By Alexandra Inman, RD and Stephanie Dang, RD a2 Milk™ Council Members

We know how busy and rushed weekday mornings can be! Trying to get everyone ready and out the door can make finding time for a balanced, delicious breakfast a real challenge. But a healthy breakfast can get your day off to a great start - it gives your body the energy it needs to go about your day, it can help with appetite and cravings throughout the day, and it’s another opportunity to pack in nutrients like protein, calcium, and vitamin D - all of which are found in a2 Milk™! Try these balanced, delicious breakfasts which you can make ahead of time to make your weekday mornings a breeze.

Cherry Chia Pudding

This pudding is not only delicious but can be made ahead - simply grab a few containers (mason jars make a great option!) and portion out your ingredients for breakfasts throughout the week. Store in the fridge and take out in the morning to enjoy! This breakfast is packed with calcium and vitamin D from the a2 Milk, fibre and omega-3s from the chia seeds, and vitamin C from the cherries! You can also easily swap out the cherries and sunflower seeds for whatever fruit and nuts/seeds you prefer.


  • 1 cup a2 Milk™
  • 3 tbsp chia seeds
  • 2 tsp maple syrup
  • 1/2 tsp vanilla extract
  • 1 tbsp sunflower seeds
  • 1/3 cup cherries, chopped
  • Optional: dollop of yogurt of choice


  1. In a container thoroughly mix the milk, vanilla extract, maple syrup and chia seeds together.
  2. Cover the container and set in the fridge for a couple of hours or overnight.
  3. Add the chia pudding to a bowl and top with sunflower seeds, chopped cherries and yogurt.
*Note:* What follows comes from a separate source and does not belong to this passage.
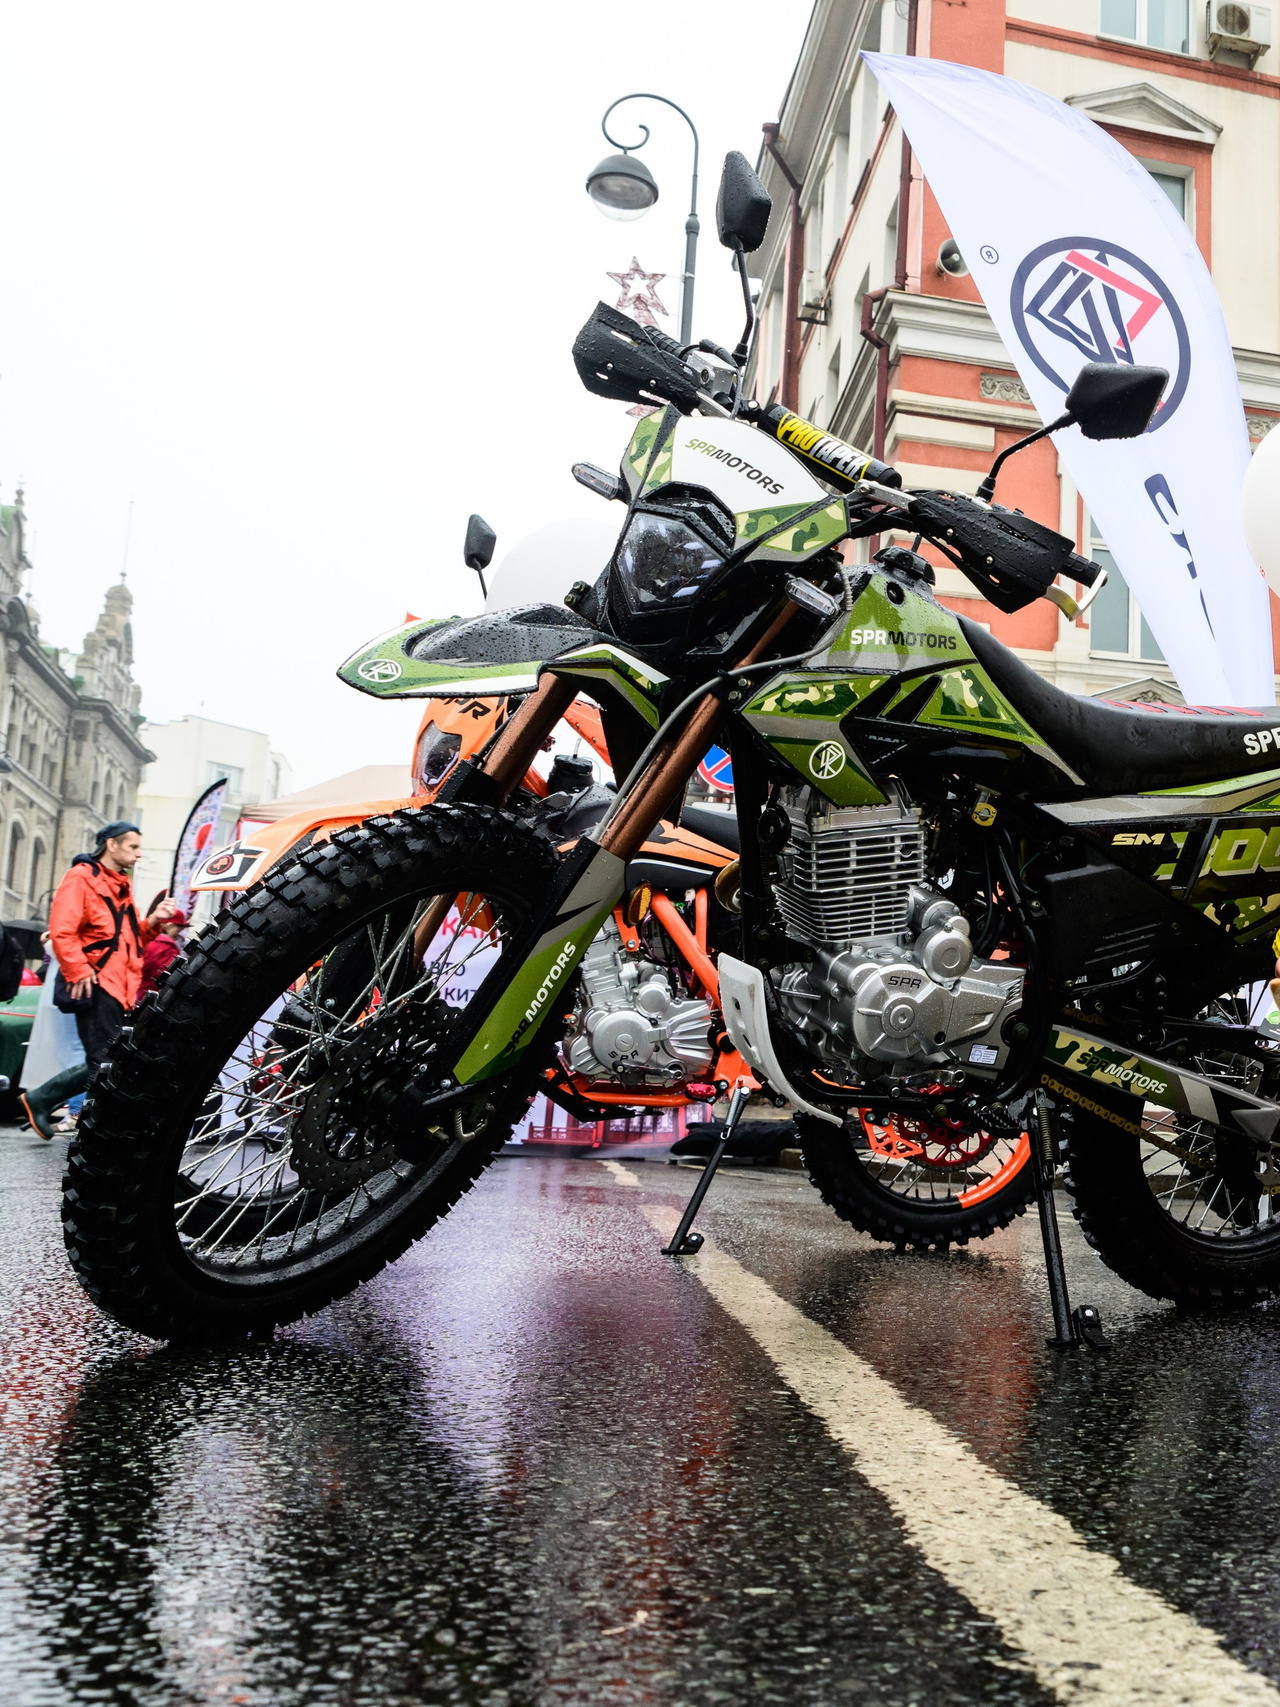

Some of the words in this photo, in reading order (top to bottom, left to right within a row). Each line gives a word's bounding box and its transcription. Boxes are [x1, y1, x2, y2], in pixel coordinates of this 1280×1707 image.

Kale Mango Ginger Smoothie

We know what you’re thinking, kale… in a smoothie!? But don’t worry, kale is actually quite mild in a smoothie especially if you pair it with sweet fruits like mango! This smoothie is full of fibre, healthy fat and protein - from the a2 Milk™ and yogurt - and flavour. This smoothie can also be prepared ahead of time, simply portion out the ice, kale, mango, ginger, and seeds into individual containers (mason jars are again a great option for this) to store in the freezer, then in the morning pour ingredients into the blender, add in the a2 Milk™  and yogurt, and blend!


  • 4-5 ice cubes
  • 1 cup packed kale, stem and tough ribs removed
  • ½ cup frozen mango chunks
  • ½ Tbsp fresh ginger, peeled
  • 1 Tbsp chia seeds and/or hemp hearts
  • ½ cup plain Greek yogurt
  • 1 cup a2 Milk™ 
  • 1 tbsp maple syrup (optional)


  1. Place all ingredients into a blender and blend until smooth.
  2. Taste and adjust ingredients to your preference, for a sweeter smoothie blend in 1 Tbsp maple syrup.
  3. Pour into a glass and enjoy!

Overnight Oatmeal

Oatmeal is a classic healthy breakfast but many people report it takes too long to cook in the morning. So let us introduce you to overnight oatmeal! Make this recipe ahead of time, store in the refrigerator, and you’ve got oatmeal ready to eat in the morning. High in fibre and healthy fats, this recipe will keep you full until lunch! This recipe is meant as a general guide, change up and adjust the ingredients to your preferences and you’ve got endless delicious combinations to try and enjoy.


  • ½ cup large flake, rolled oats
  • ½ cup frozen or fresh berries
  • 1 Tbsp nuts or seeds (e.g. chia, ground flax, pumpkin seeds, almonds, walnuts, etc.)
  • 1 Tbsp nut or seed butter (e.g. peanut, almond, pumpkin seed, sunflower seed, etc.)
  • 1 cup a2 Milk™
  • Optional mix-ins, such as: cocoa powder, cinnamon, vanilla, nutmeg, shredded coconut, matcha, maple syrup, honey - get creative!


  1. Mix all of the ingredients in a container (like a mason jar) and cover with a lid.
  2. Store in the fridge overnight (or for up to 5 days).
  3. Serve cold or reheat in the microwave, as desired. Enjoy!